Plus de 300 diplômes pour les sous-officiers de Gendarmerie

Ils les ont reçus vendredi dernier à Yaoundé au cours d’une cérémonie solennelle présidée par le SED, Jean Baptiste Bokam.

Vendredi dernier était jour de fête au camp Yeyap à Yaoundé. Des familles, amis et connaissances, bouquets de fleurs en main sont, en effet, venus célébrer les sous-officiers de la Gendarmerie nationale arrivés en fin de formation. Ils sont au total 336. Sur une table, des diplômes flambant neufs enroulés de ruban aux couleurs chatoyantes sur une table attendent d’être remis aux lauréats. Tous sont désormais prêts à l’action dans leurs fonctions respectives. « C’est une immense joie et nous allons mettre les connaissances acquises au service de notre pays », lâche Sani Mohaman, l’un d’entre eux. Au cours de  cette cérémonie conjointe de sortie du 16e Certificat d’aptitude technique n°3 service général (Cat3 Sg) et du 10e Certificat d’aptitude technique n°2 de spécialités (Cat2 Sp) de la gendarmerie nationale, présidée par le secrétaire d’Etat auprès du ministre de la Défense chargé de la gendarmerie nationale (Sed), Jean Baptiste Bokam, le commandant  des écoles et centres d’instruction de la gendarmerie, le colonel Benjamin Bogmis leur a prescrit le sens de la responsabilité et du devoir. Ceci dans la mesure où pendant six mois, ils ont acquis des connaissances en maintien de l’ordre, au commandement dans la gendarmerie, en droit et en connaissances militaires générales dans le but de les préparer à occuper des fonctions importantes dans les unités élémentaires.

«  Sachez qu’un sous-officier de gendarmerie se doit d’être un militaire professionnel de la sécurité, au contact de la population et au service de l’Etat et du citoyen », leur a rappelé Jean Baptiste Bokam.
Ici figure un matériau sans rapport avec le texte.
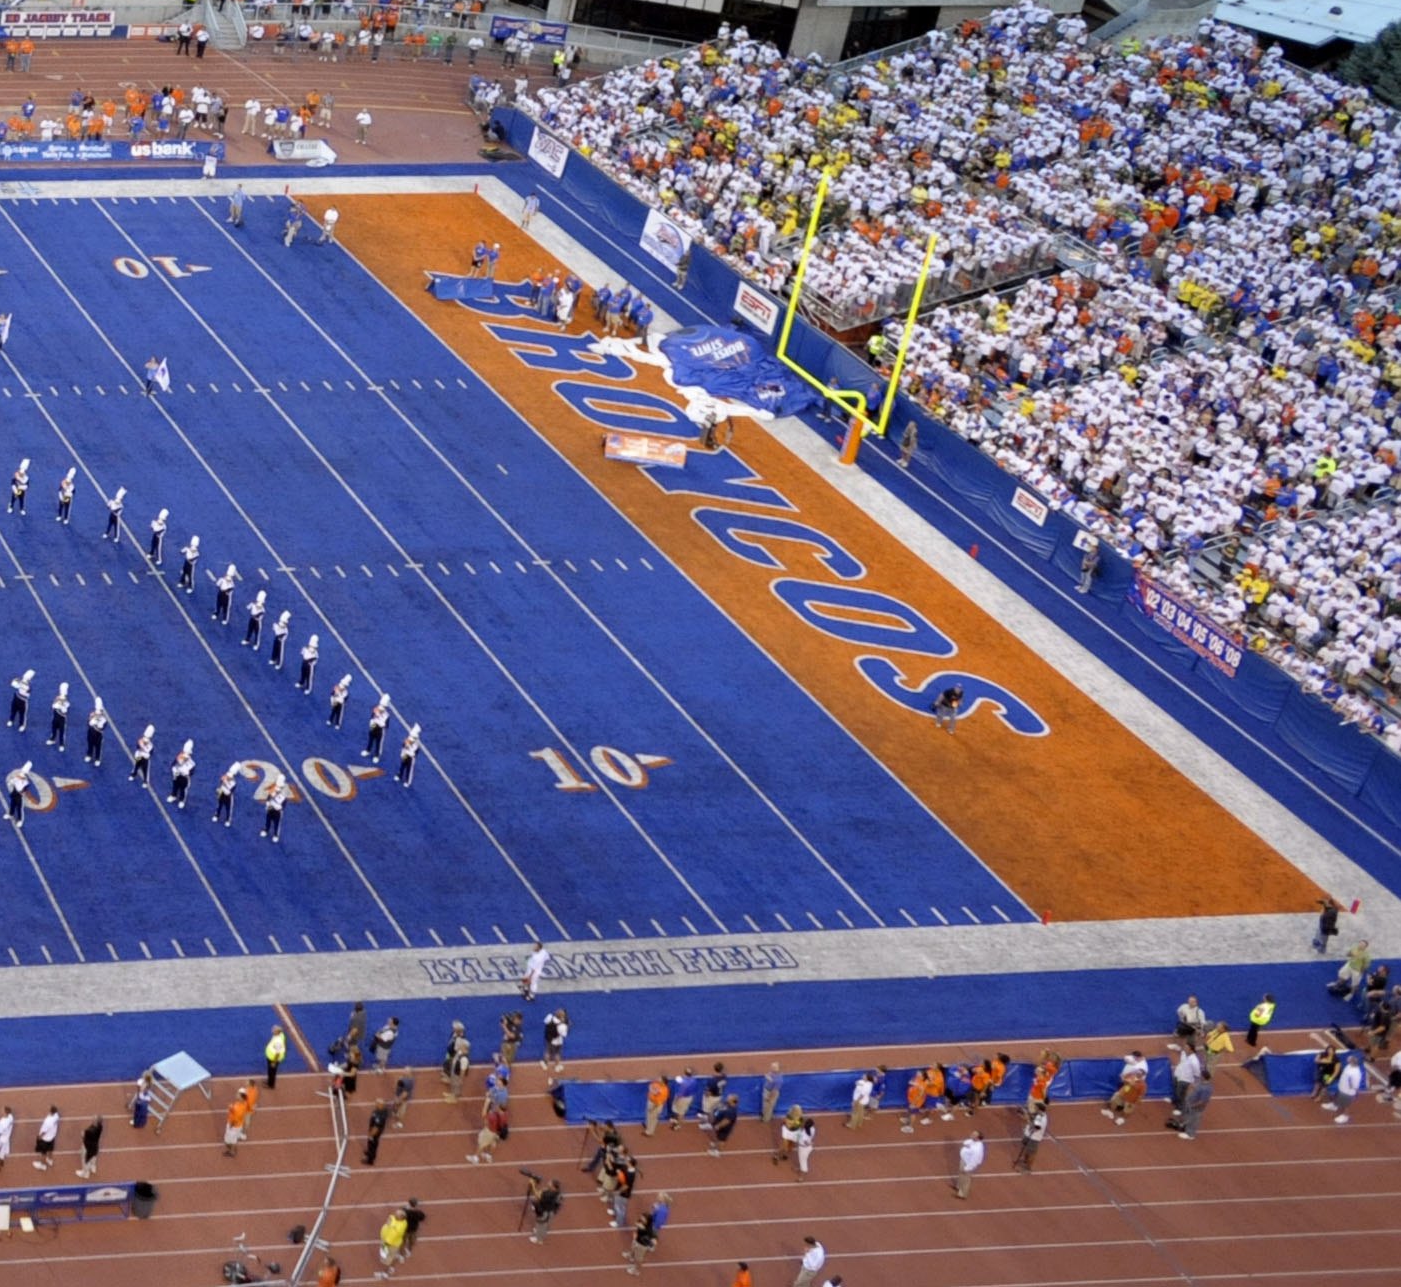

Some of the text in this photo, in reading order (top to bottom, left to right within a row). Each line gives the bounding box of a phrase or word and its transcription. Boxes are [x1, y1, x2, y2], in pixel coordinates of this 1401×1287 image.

[72, 13, 110, 23] TRACK
[114, 256, 193, 279] 10
[740, 290, 773, 320] ESPN
[425, 270, 1050, 737] BRONCOS
[1017, 492, 1044, 520] ESPN
[1161, 600, 1176, 620] '03
[1177, 611, 1191, 632] '04
[1192, 622, 1208, 643] '05
[1208, 632, 1224, 656] '06
[242, 756, 358, 802] 20
[530, 745, 650, 792] 10
[419, 944, 799, 984] LYLE SMITH FIELD
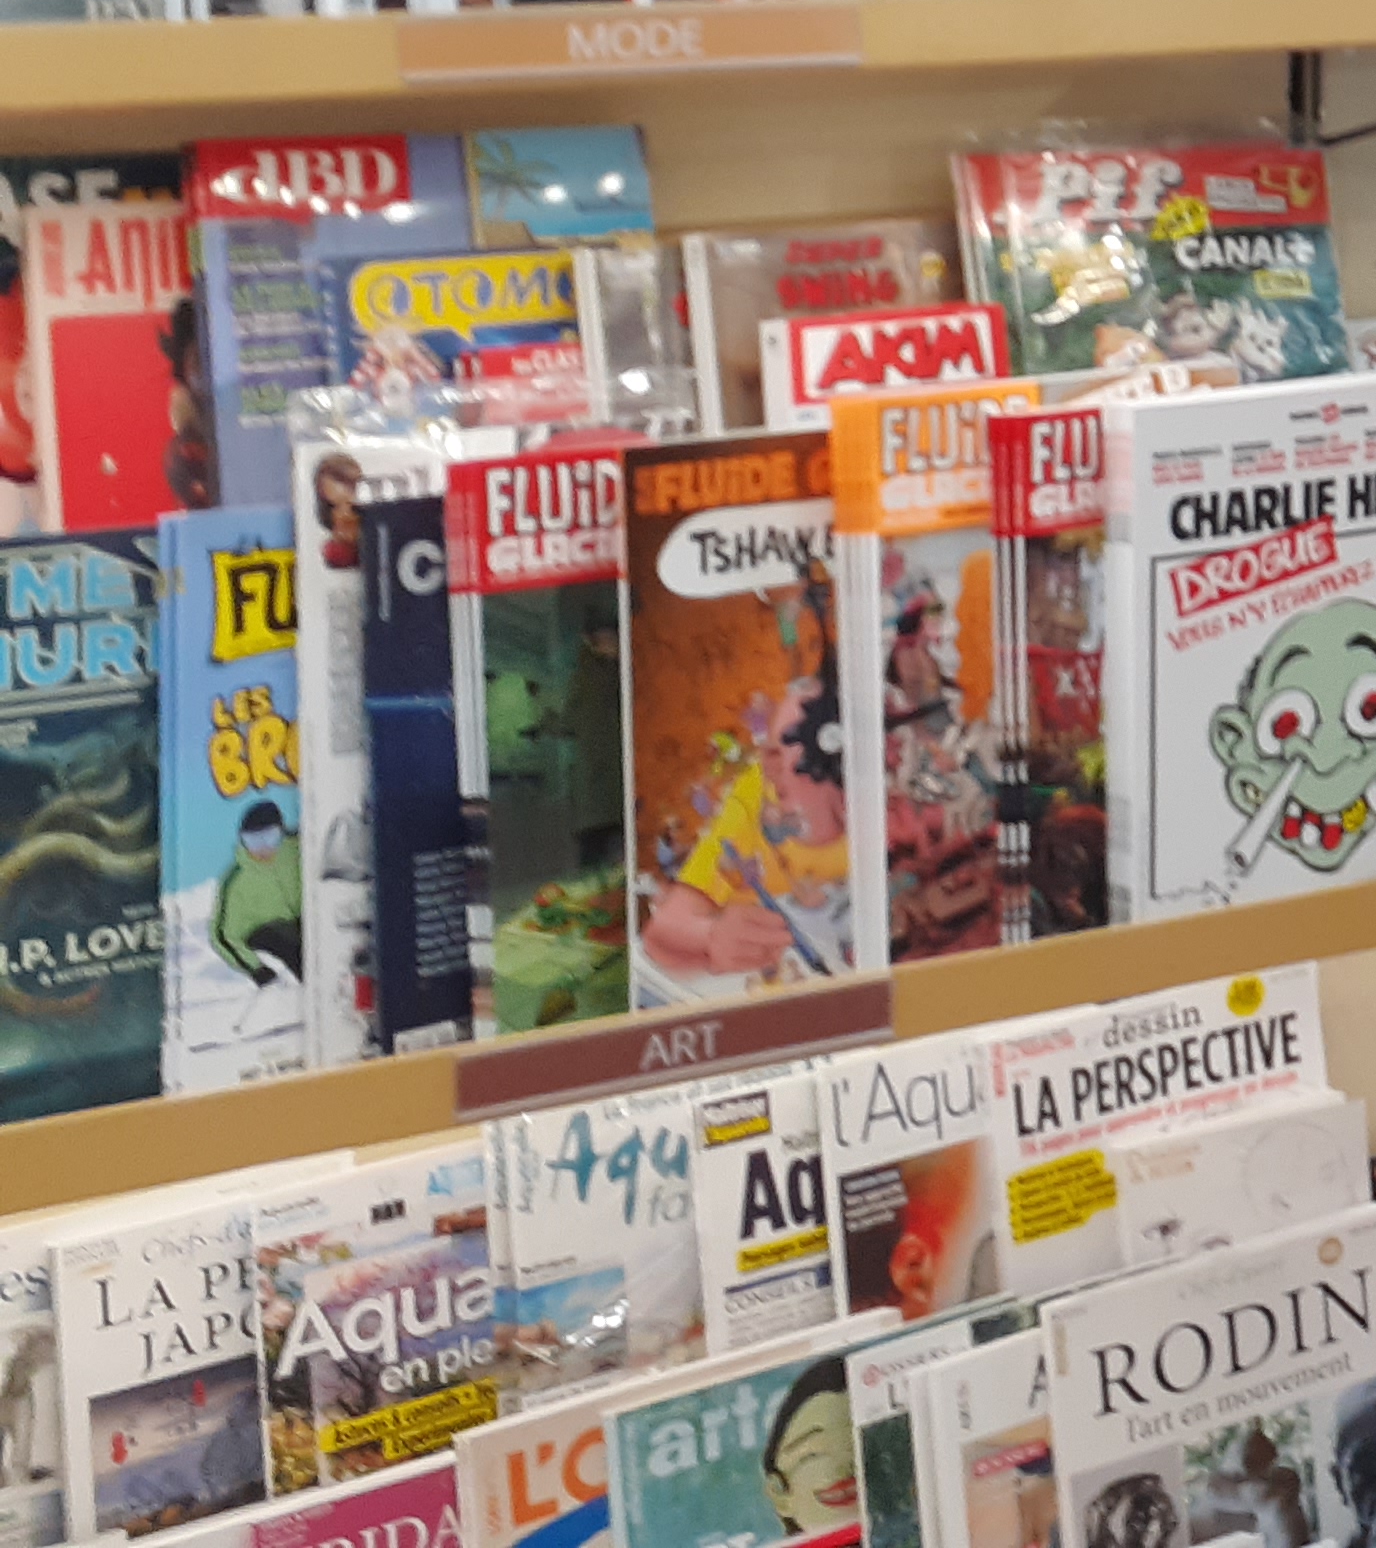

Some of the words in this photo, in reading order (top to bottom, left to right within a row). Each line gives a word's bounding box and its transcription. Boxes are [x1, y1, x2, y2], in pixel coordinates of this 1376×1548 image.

[565, 18, 706, 61] MODE
[1175, 232, 1317, 271] CANAL+
[1170, 476, 1337, 540] CHARLIE
[1174, 520, 1334, 608] DROGUE
[639, 1019, 723, 1071] ART
[1103, 997, 1204, 1049] dessin
[1014, 1081, 1061, 1138] LA
[1072, 1012, 1302, 1124] PERSPECTIVE
[96, 1275, 176, 1330] LA
[1091, 1269, 1376, 1419] RODIN
[1179, 1400, 1211, 1431] en
[1214, 1354, 1357, 1424] mouvement
Selon lui, en tant que qu’intermédiaire entre officiers et militaires de rang, ils sont appelés à un jouer un rôle-clé dans le bon fonctionnement de la gendarmerie. « Il vous appartient de connaître et faire connaître à vos subordonnés, les termes du règlement de discipline générale dont les prescriptions doivent être strictement observées dans leur globalité »,  a conclu le Sed. Des instructions que les lauréats ont promis d’appliquer une fois sur le terrain.